Na mesma feira – onde a comitiva From Portugal contará com o triplo do espaço de exposição e um número recorde de empresas – a Trim NW será um dos estreantes a apresentar as suas novidades ao mercado internacional. “Para nós é uma área completamente nova, com clientes novos e muito trabalho pela frente, quer no mercado nacional como internacional”, começa por explicar o CEO Rui Lopes. A empresa, que habitualmente produzia tecido-não-tecido para a indústria automóvel, certificou também vários produtos para a confecção de EPI. Um esforço que será para continuar: “é uma área nova, onde temos apenas três ou quatro meses de trabalho, mas a ambição é poder vir a fornecer o mercado europeu neste sector”, esclarece o empresário.
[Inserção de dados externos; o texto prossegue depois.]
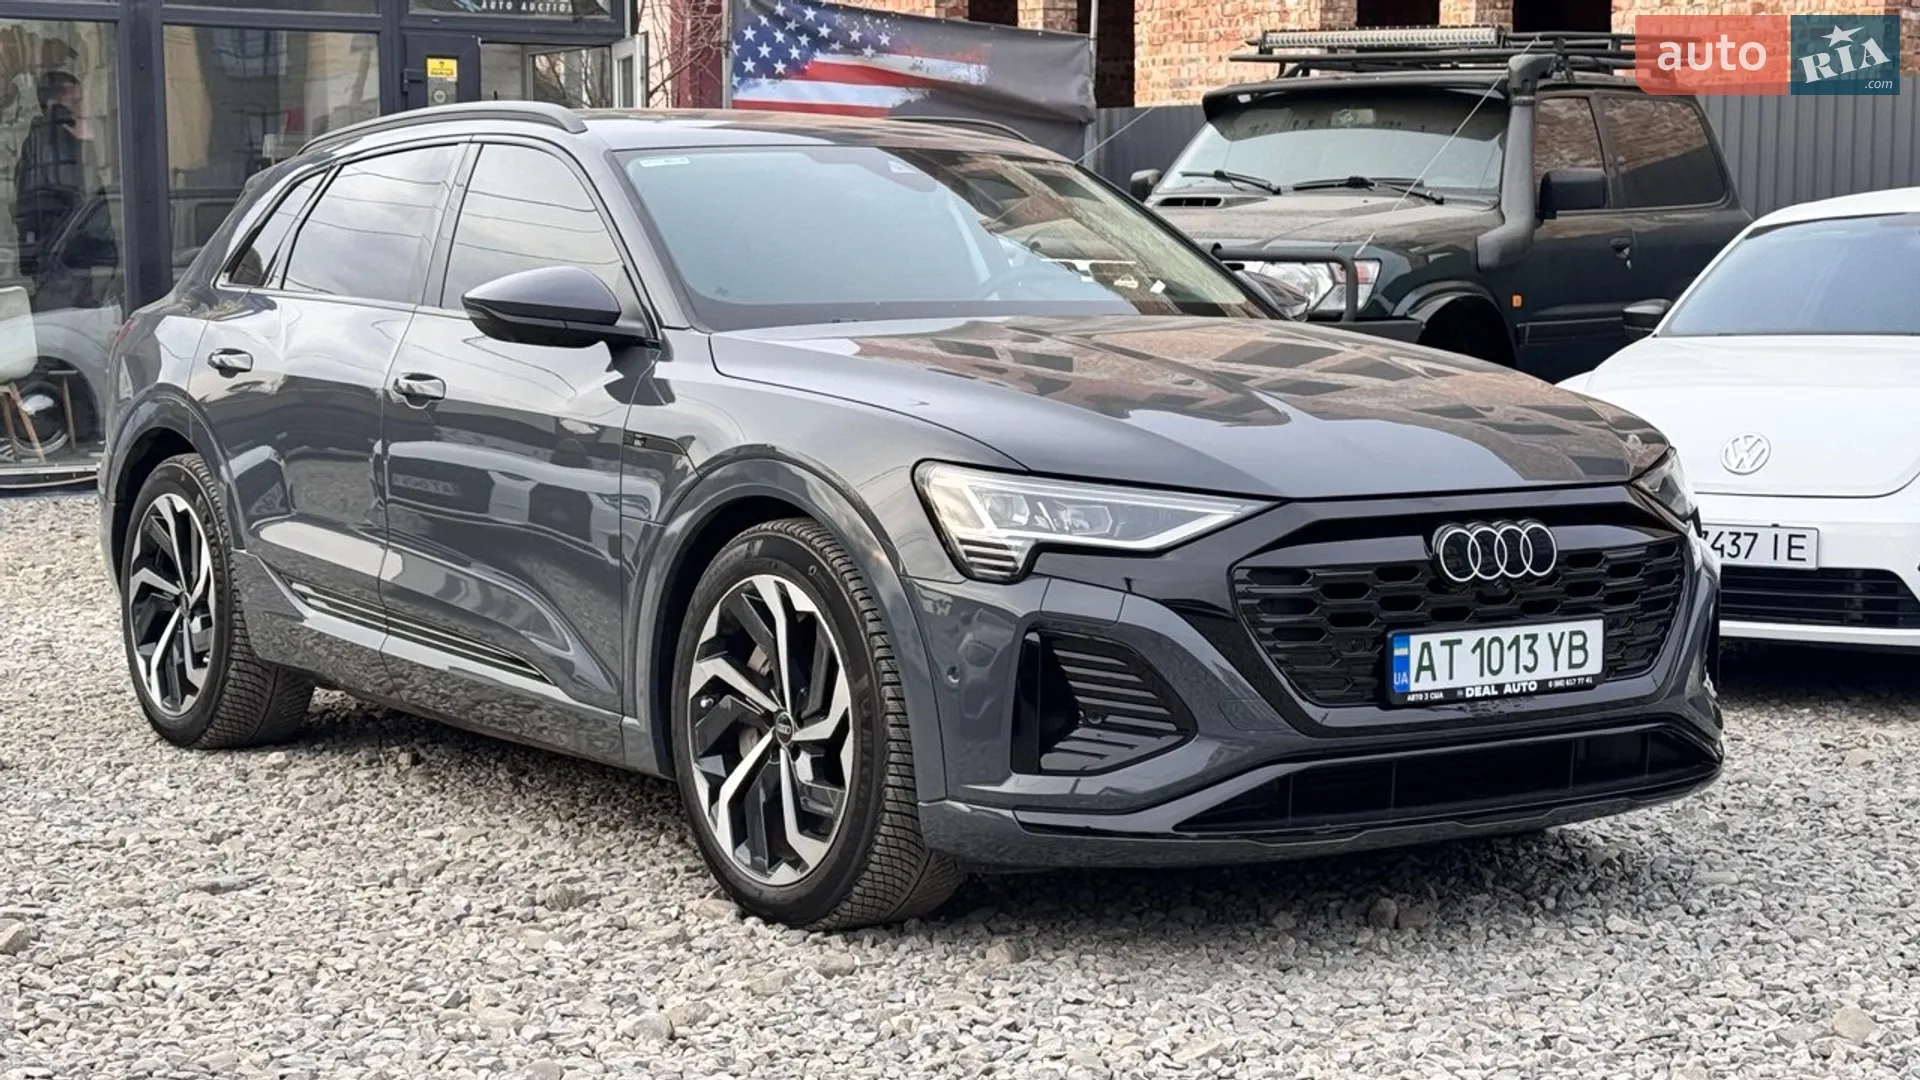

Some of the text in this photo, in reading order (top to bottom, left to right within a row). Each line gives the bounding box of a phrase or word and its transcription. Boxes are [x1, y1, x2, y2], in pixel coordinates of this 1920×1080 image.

[481, 1, 513, 10] AUTO
[1773, 533, 1807, 562] IE
[1414, 629, 1589, 684] AT 1013 YB
[1393, 672, 1409, 685] UA
[1465, 685, 1498, 698] DEAL
[1503, 680, 1538, 694] AUTO
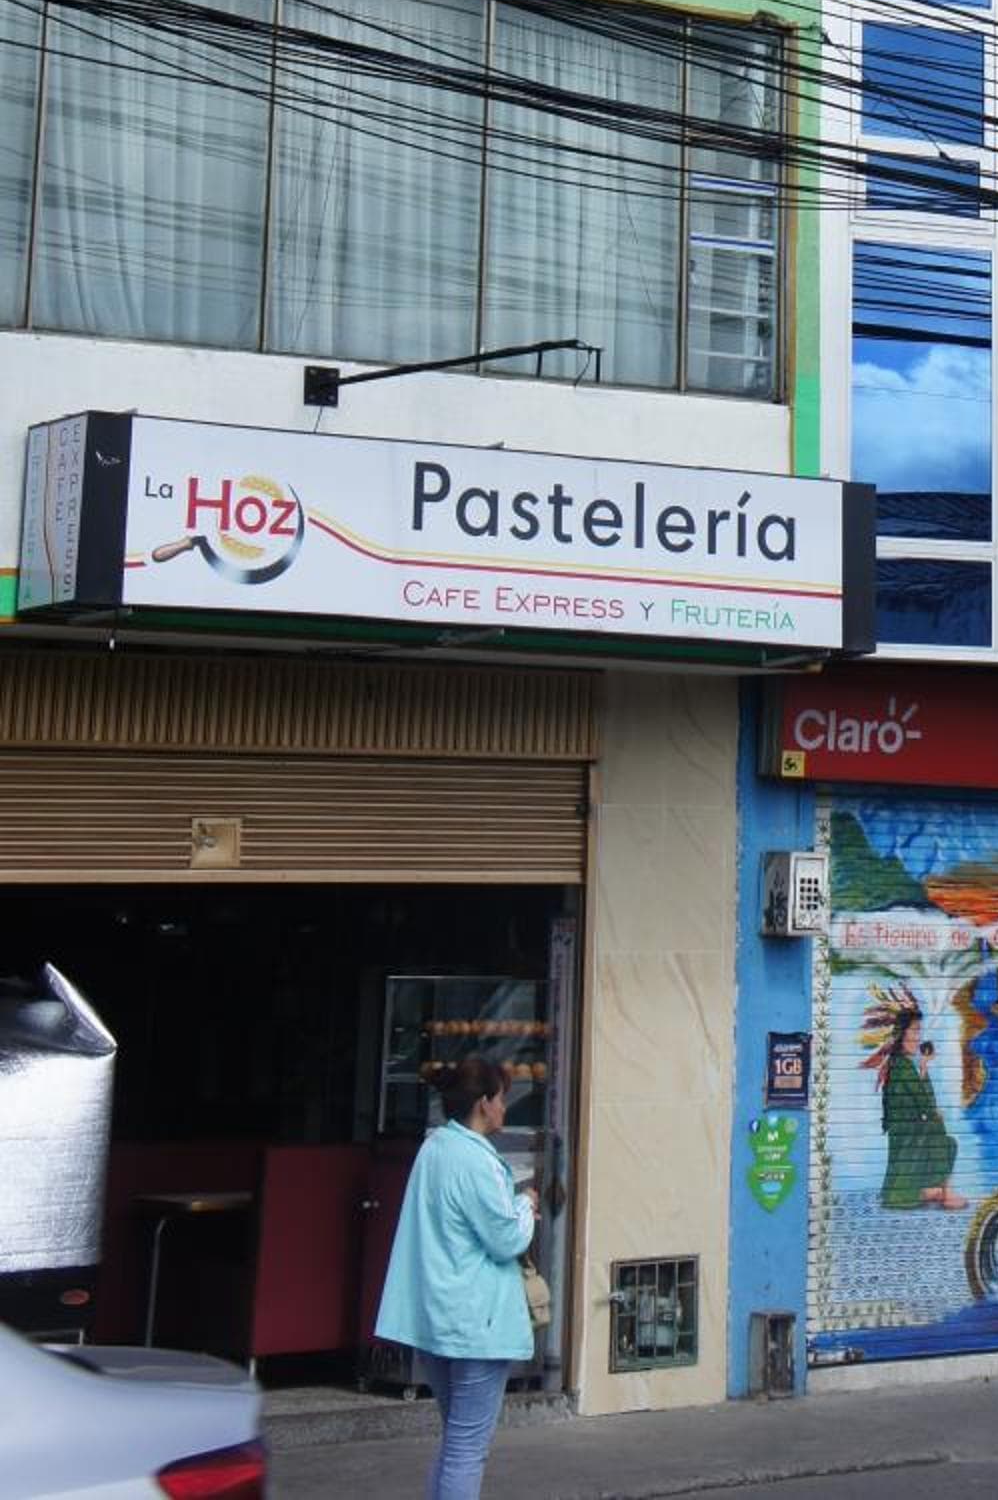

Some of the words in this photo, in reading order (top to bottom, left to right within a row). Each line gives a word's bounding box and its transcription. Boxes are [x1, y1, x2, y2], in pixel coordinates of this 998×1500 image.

[144, 476, 173, 499] La
[186, 477, 298, 536] Hoz
[411, 461, 797, 562] Pastelería
[495, 586, 625, 620] EXPRESS
[794, 703, 915, 754] Claro
Do turbilhão da pandemia parece resultar assim um novo rastilho para a inovação da indústria têxtil portuguesa. No entanto, os empresários salientam que é necessária uma mudança estrutural e não bastará a iniciativa das empresas. “Espero que os discursos da reindustrialização da Europa não sejam palavras que se esquecem passado 24 horas”, comenta Vitor Abreu. “O Estado deve investir e apoiar a indústria portuguesa, Portugal tem todas as condições para ser competitivo e neste caso é preciso incentivar a substituição dos descartáveis pelos reutilizáveis, que poderão ser produzidos em Portugal”, concçui José Armindo Ferraz.